[Start of section]

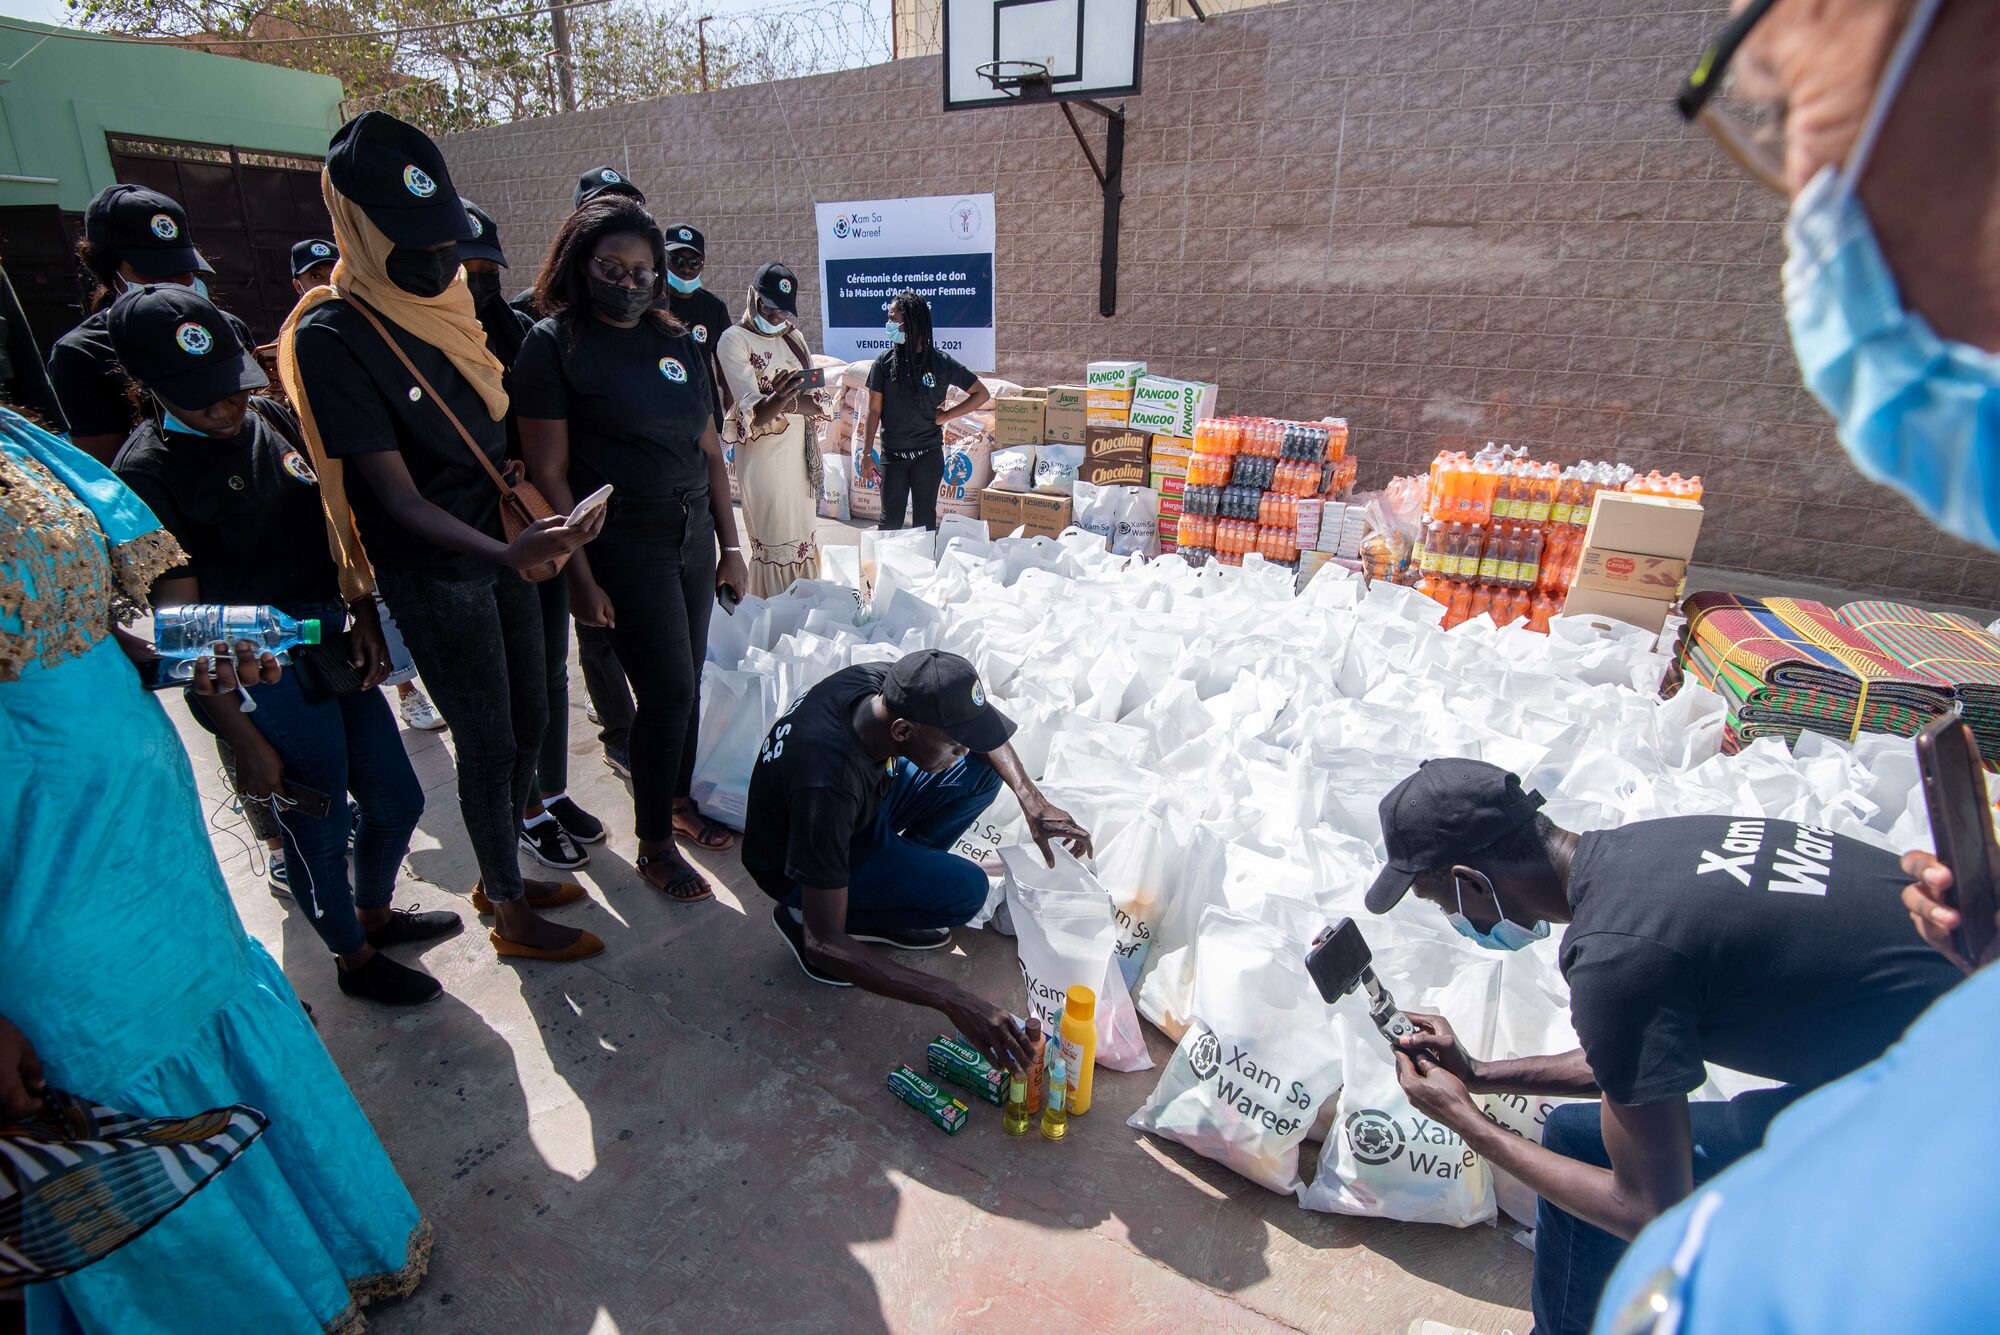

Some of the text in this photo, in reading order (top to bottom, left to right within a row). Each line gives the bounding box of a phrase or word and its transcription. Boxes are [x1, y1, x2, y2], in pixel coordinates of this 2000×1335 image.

[852, 212, 882, 224] Xam Sa
[852, 226, 881, 238] Wareef
[847, 271, 967, 284] Cérémonie de remise de don
[846, 288, 854, 298] la
[855, 287, 883, 298] Maison
[916, 288, 936, 296] pour
[938, 286, 976, 296] Femmes
[856, 340, 893, 349] VENDRE
[942, 341, 962, 350] 2021
[1089, 369, 1125, 384] KANGOO
[1136, 388, 1179, 400] KANGOO
[1131, 413, 1175, 425] KANGOO
[1182, 388, 1193, 436] KANGOO
[1092, 432, 1144, 455] Chocolion
[1092, 464, 1144, 484] Chocolion
[940, 485, 965, 500] GMD
[774, 723, 792, 759] Sa
[981, 825, 1002, 845] Sa
[955, 839, 992, 862] reef
[1696, 820, 1765, 887] Xam
[1768, 823, 1834, 896] Ware
[1132, 922, 1150, 939] Sa
[1029, 978, 1065, 1003] Xam
[940, 1038, 974, 1060] DENTYGEL
[901, 1068, 934, 1093] DENTYGEL
[1225, 1045, 1311, 1110] Xam Sa
[1217, 1075, 1301, 1136] Wareef

[End of section]

> **Work to complete**:
Word for word, print out all of the records above; pass over the pictures.

> **Answer to this exercise**:
Some of the text in this photo, in reading order (top to bottom, left to right within a row). Each line gives the bounding box of a phrase or word and its transcription. Boxes are [x1, y1, x2, y2], in pixel coordinates of this 2000×1335 image.

[852, 212, 882, 224] Xam Sa
[852, 226, 881, 238] Wareef
[847, 271, 967, 284] Cérémonie de remise de don
[846, 288, 854, 298] la
[855, 287, 883, 298] Maison
[916, 288, 936, 296] pour
[938, 286, 976, 296] Femmes
[856, 340, 893, 349] VENDRE
[942, 341, 962, 350] 2021
[1089, 369, 1125, 384] KANGOO
[1136, 388, 1179, 400] KANGOO
[1131, 413, 1175, 425] KANGOO
[1182, 388, 1193, 436] KANGOO
[1092, 432, 1144, 455] Chocolion
[1092, 464, 1144, 484] Chocolion
[940, 485, 965, 500] GMD
[774, 723, 792, 759] Sa
[981, 825, 1002, 845] Sa
[955, 839, 992, 862] reef
[1696, 820, 1765, 887] Xam
[1768, 823, 1834, 896] Ware
[1132, 922, 1150, 939] Sa
[1029, 978, 1065, 1003] Xam
[940, 1038, 974, 1060] DENTYGEL
[901, 1068, 934, 1093] DENTYGEL
[1225, 1045, 1311, 1110] Xam Sa
[1217, 1075, 1301, 1136] Wareef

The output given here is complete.